This Artwork Changed My Life is a new series that explores the personal, often surprising, emotional influence that works of art can have on us, even when we least expect it.
In the summer of 2005 I was living in Florence, during university holidays when I was supposed to be improving my Italian, as clichéd an idea of the European student as in a Woody Allen film. Smoking had just been banned inside bars, so that was a bummer, but most of the time we sat outside anyway, on the Ponte Vecchio, looking out at the Arno, and often in Piazza della Signoria, where we would end up looking straight at the Loggia Dei Lanzi. This is where some of the world’s most famous sculptures stand, those heroes from ancient mythology: a bronze Perseus by Cellini, holding up a severed Medusa head; Medici lions and Hercules battling it out with Nessus. Symbols of masculine power and domination. And, on the far right, perhaps one of the most important works of all in the history of art, and certainly in sculpture: Giambologna’s 1583 Rape of the Sabines, also known as The Abduction of the Sabine Women. Carved from a perfect block of marble, it was the first ever sculpture in Europe to depict three figures that could be viewed from all sides.
I first saw the sculpture, some years before, when I was seventeen. I have a photo of myself with friends, wearing dodgy noughties crochet and a too-big floppy hat. The sculpture is apparently just another tourist attraction to provide a backdrop to us in our carefree holiday mood. I remember it hazily now. But the more time I spent with the sculpture, the more problematic it became for me.
The story of the Sabine women isn’t a happy one. According to Roman mythology, when Rome was founded by Romulus there weren’t enough Romans, and so the men were encouraged to abduct the neighbouring Sabine women to make sure they had a progeny. The mass abduction—or rape (historical accounts vary)—happened during a festival at which different local people were gathered. Romans grabbed Sabine women, and Romulus begged them to accept these men as their husbands.
This crime against the Sabine women—raped or stolen, they were forcibly removed from their community and into marriages with Romans—has been depicted by many artists throughout history, from Degas to Poussin to Picasso. Why is this scene of mass abuse so celebrated?

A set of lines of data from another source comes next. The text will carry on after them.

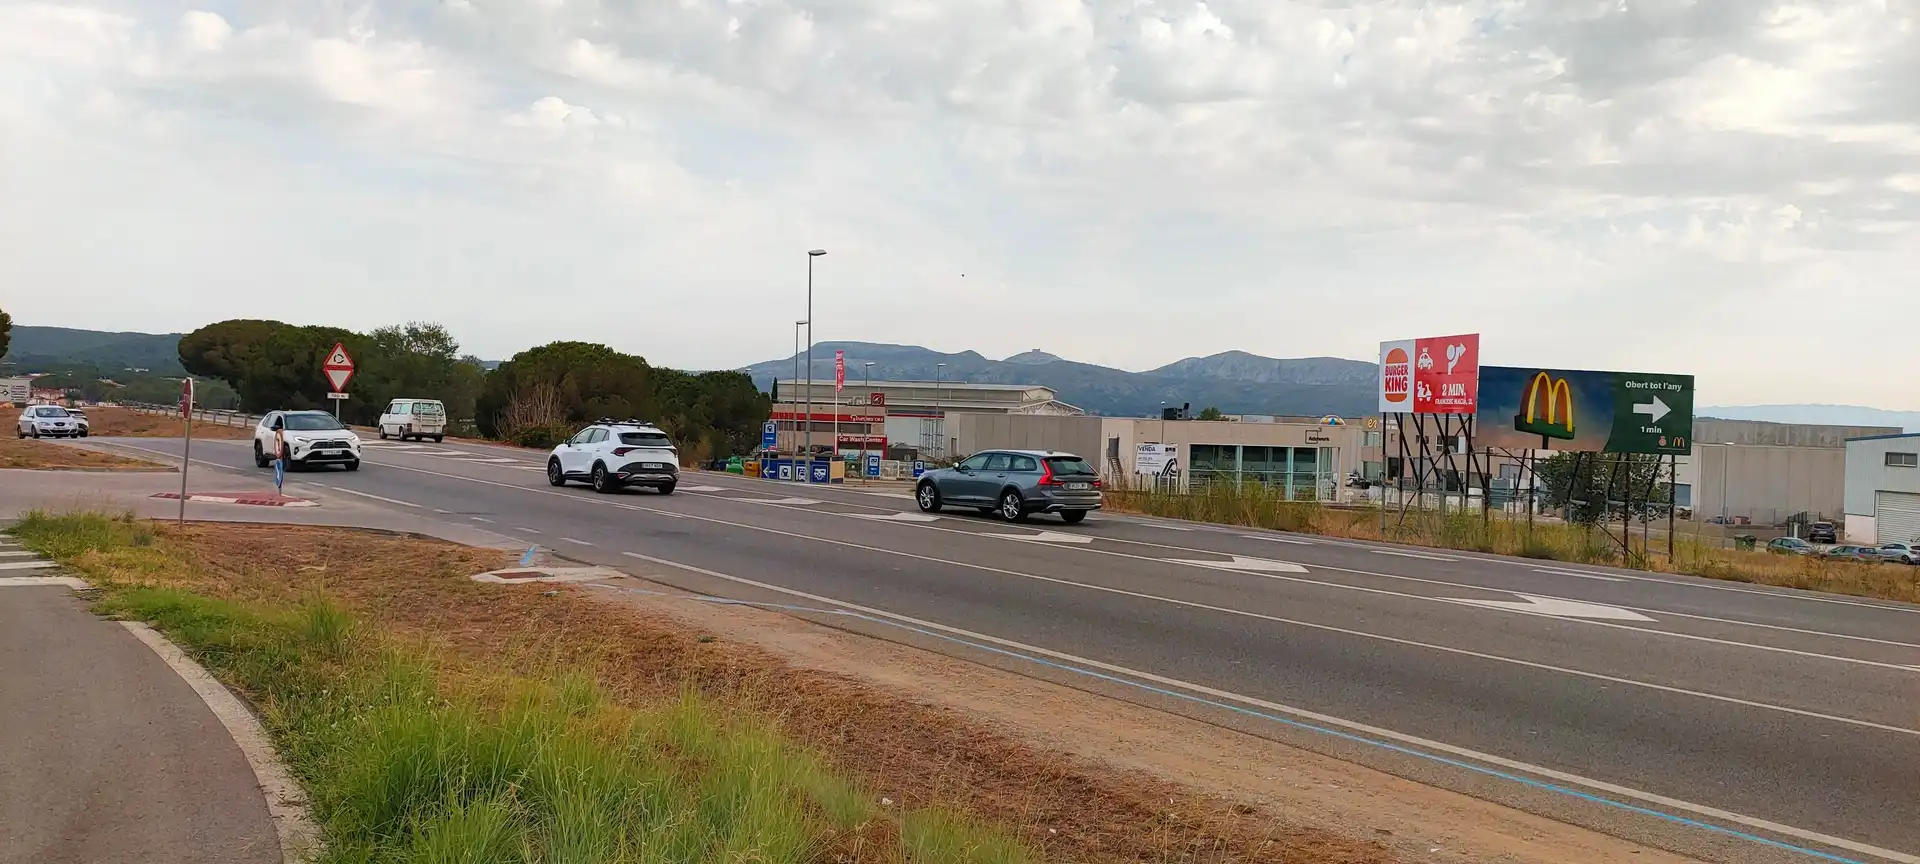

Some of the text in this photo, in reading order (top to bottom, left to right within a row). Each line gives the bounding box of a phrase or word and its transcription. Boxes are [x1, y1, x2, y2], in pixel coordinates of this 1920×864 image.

[1385, 364, 1408, 376] BURGER
[1385, 376, 1408, 392] KING
[1442, 383, 1466, 396] 2 MIN.
[1625, 381, 1682, 392] Obert tot l'any
[1640, 425, 1662, 433] 1 min
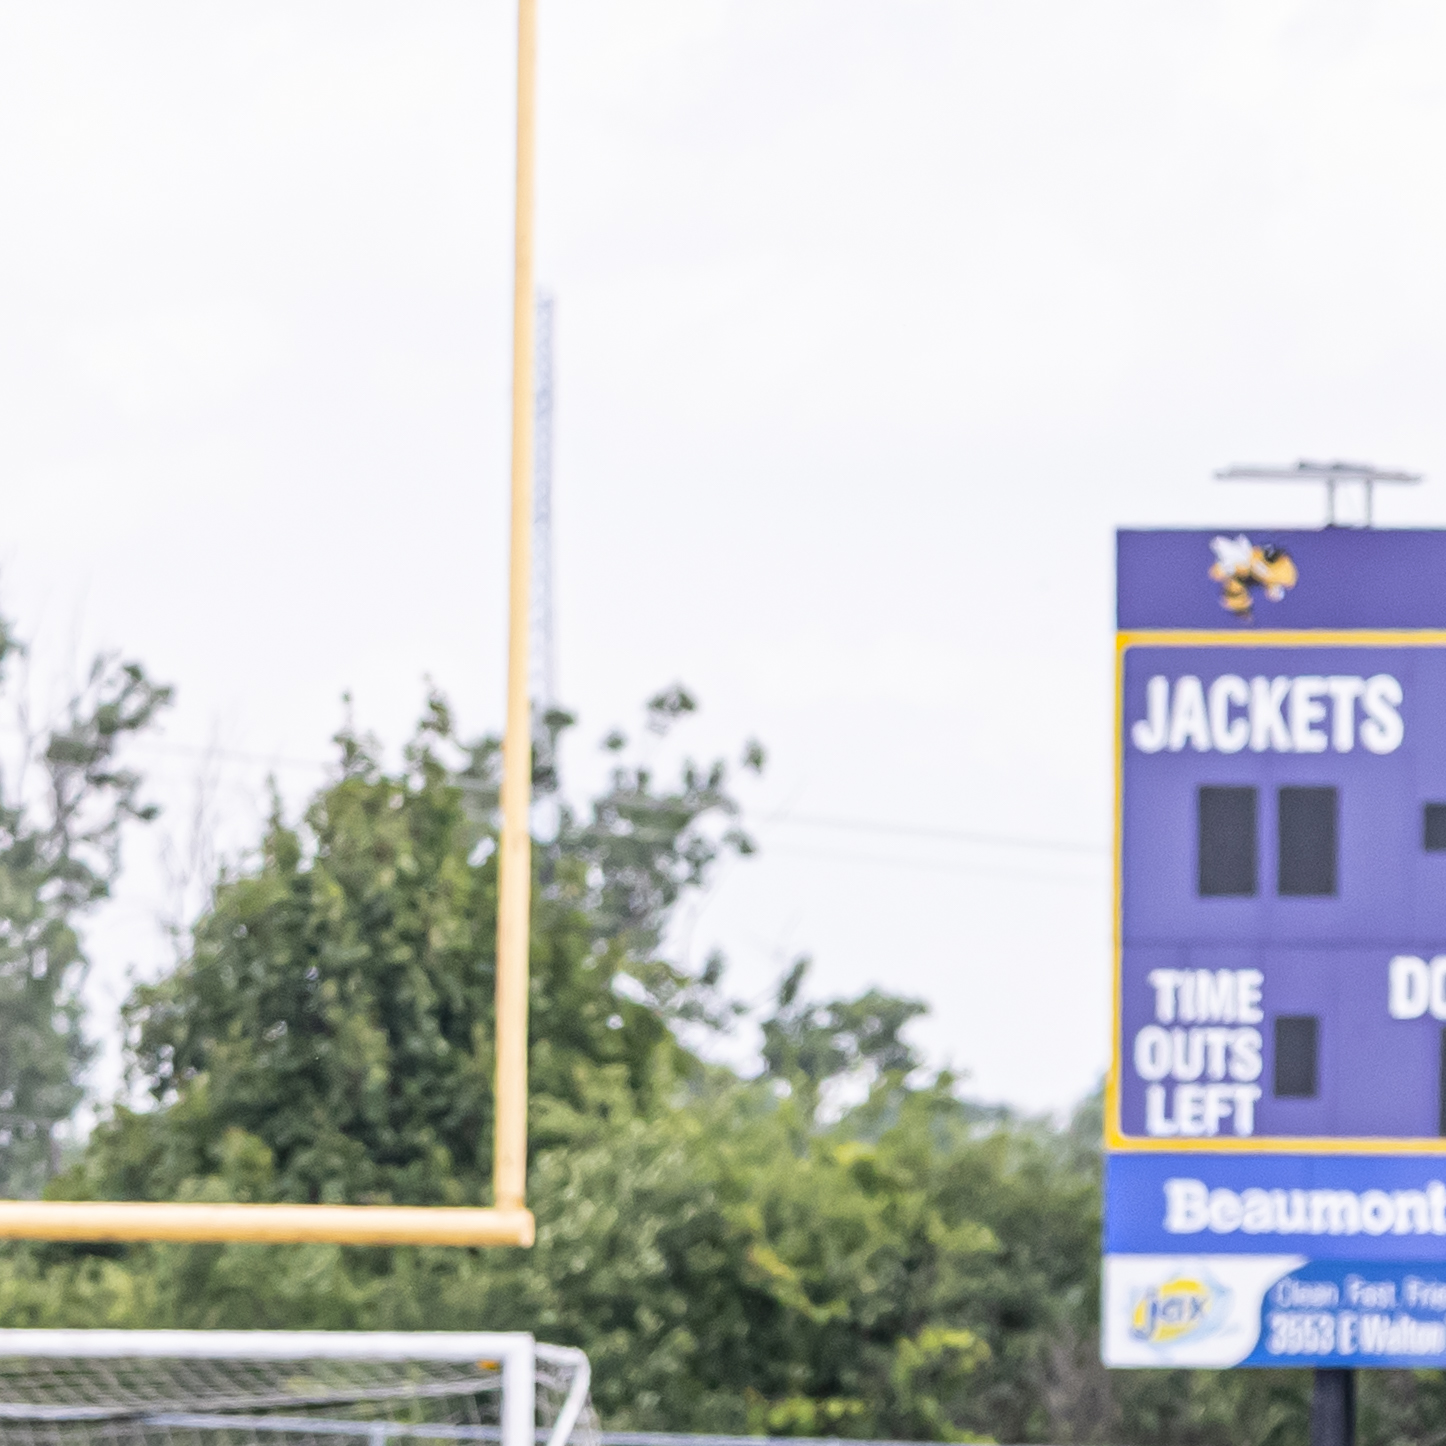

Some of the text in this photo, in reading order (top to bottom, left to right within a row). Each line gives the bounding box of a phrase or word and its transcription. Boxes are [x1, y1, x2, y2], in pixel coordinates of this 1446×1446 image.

[1131, 674, 1404, 754] JACKETS
[1148, 969, 1264, 1023] TIME
[1135, 1029, 1264, 1082] OUTS
[1146, 1085, 1261, 1139] LEFT
[1360, 1312, 1446, 1356] Walton

“The beautification of sexual violence is unacceptable, but it’s hardly rare in art”
The history of the sculpture itself dates back to 1582. Giambologna himself didn’t carve with the Sabine women in mind, but was thinking technically. Later, when the masterpiece was done and its prominent and prestigious public location was decided by Francesco I de’ Medici, its meaning was tacked on. Even though Giambologna didn’t intend to glorify rape, this is what we see today. Passed down through centuries, still shown to hundreds of thousands of tourists every year, we are exposed to the idea that this is something to commemorate and celebrate, that women’s bodies are a commodity, and that our sexual procreativity can be coerced into submission.
This isn’t questioned or criticized—it isn’t even commonly considered strange. As a young woman, looking at that sculpture so much, two men’s hands reaching for a woman who is so obviously trying to escape, the imbalance of power, the struggle—affected me profoundly. It was the beginning of my own awakening to a reality that’s barely shifted since Rome was founded. The beautification of sexual violence is unacceptable, but it’s hardly rare in art.
I haven’t been back to Florence since 2005, but everything I looked at in art was shaped by that unfiltered experience with the male gaze. It influenced me in my writing and as a feminist. It was a constant example of why it was important to act. It inspired my book. The Sabine woman will probably always be there, frozen in her perpetual struggle in the Piazza della Signoria. But the narrative around her can shift just as easily as it was invented. What I want to think about when I look at them is the need to resist, to fight, to struggle—and to never forget our truth. The title of the work, after all, is the Sabine women, not the Romans.